[ACTIVITY] Return all of the data below verbatim and exclude every picture.

[SOURCE RECORDS]
>>>

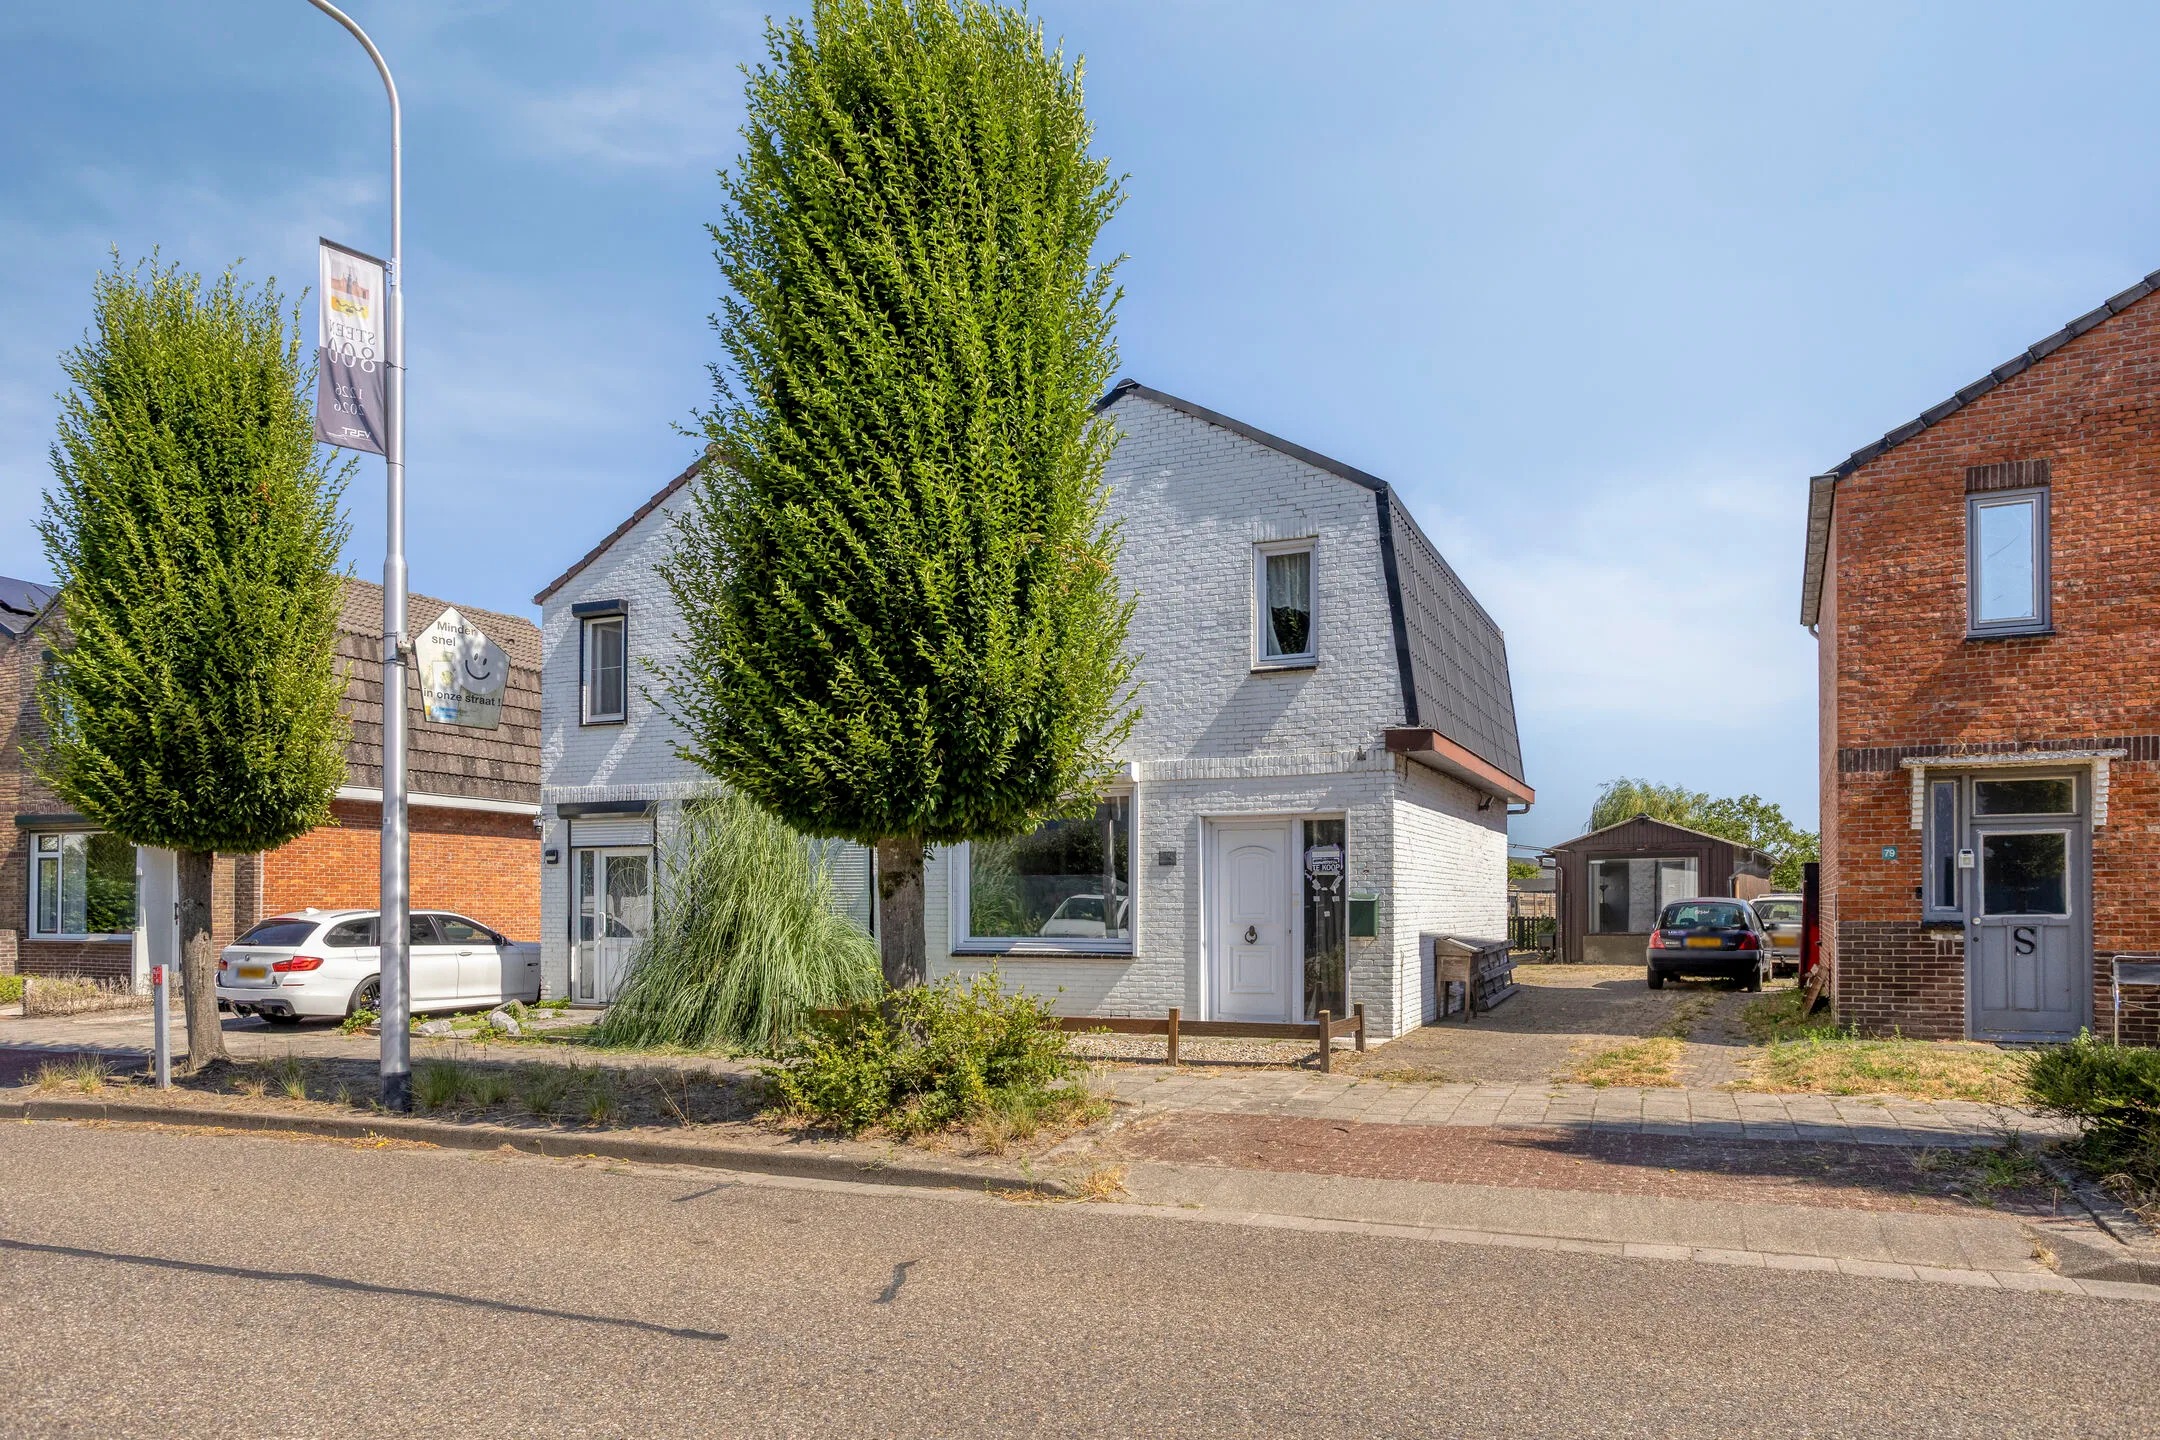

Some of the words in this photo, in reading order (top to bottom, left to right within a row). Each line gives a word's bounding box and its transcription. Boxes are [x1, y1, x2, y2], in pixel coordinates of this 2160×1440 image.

[437, 621, 477, 636] Minder
[431, 635, 456, 646] snel
[423, 688, 433, 697] in
[437, 691, 462, 702] onze
[465, 693, 496, 706] straat
[1884, 849, 1896, 858] 79
[2013, 926, 2036, 955] S

<<<

[WRITTEN RESPONSE]
Some of the words in this photo, in reading order (top to bottom, left to right within a row). Each line gives a word's bounding box and its transcription. Boxes are [x1, y1, x2, y2], in pixel coordinates of this 2160×1440 image.

[437, 621, 477, 636] Minder
[431, 635, 456, 646] snel
[423, 688, 433, 697] in
[437, 691, 462, 702] onze
[465, 693, 496, 706] straat
[1884, 849, 1896, 858] 79
[2013, 926, 2036, 955] S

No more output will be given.